■ Your goal ■
Give each line of the records again exactly and omit every picture.

Text-to-region grounding data
=======

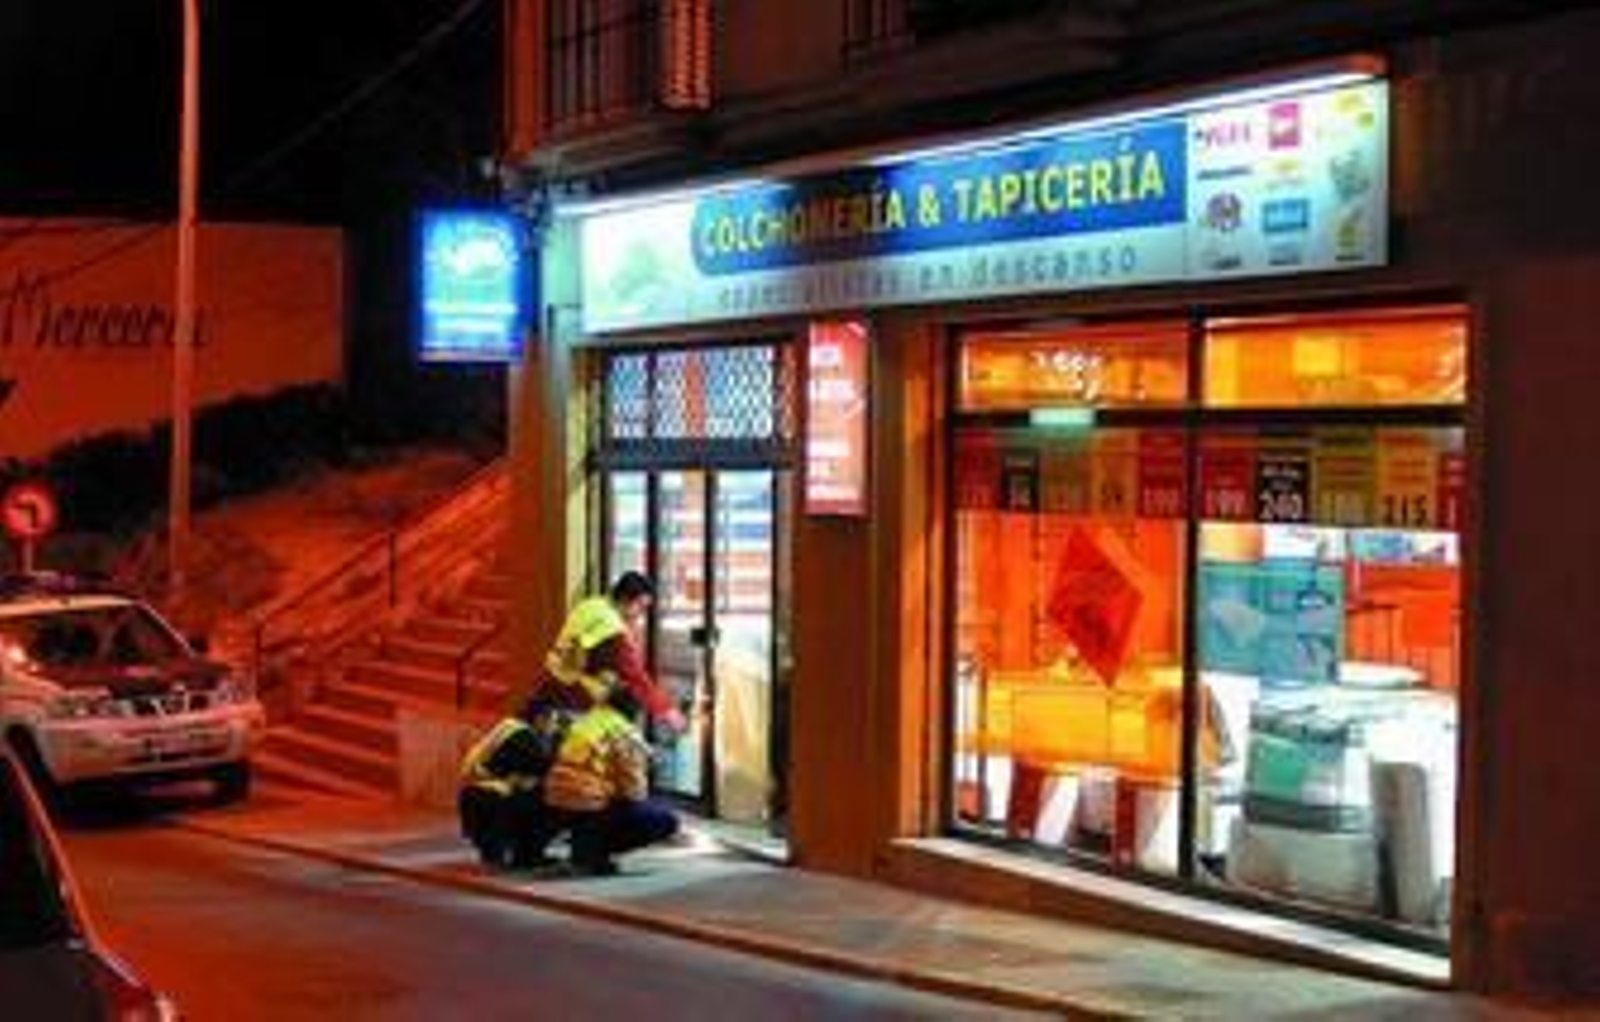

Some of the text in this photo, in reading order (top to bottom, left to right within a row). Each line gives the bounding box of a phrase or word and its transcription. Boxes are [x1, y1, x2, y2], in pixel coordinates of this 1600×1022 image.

[702, 177, 906, 257] COLCHONERÍA
[918, 184, 941, 229] &
[953, 137, 1166, 223] TAPICERÍA
[972, 245, 1137, 286] descanso

=======

■ Answer area ■
Some of the text in this photo, in reading order (top to bottom, left to right within a row). Each line gives the bounding box of a phrase or word and its transcription. Boxes are [x1, y1, x2, y2], in pixel coordinates of this 1600×1022 image.

[702, 177, 906, 257] COLCHONERÍA
[918, 184, 941, 229] &
[953, 137, 1166, 223] TAPICERÍA
[972, 245, 1137, 286] descanso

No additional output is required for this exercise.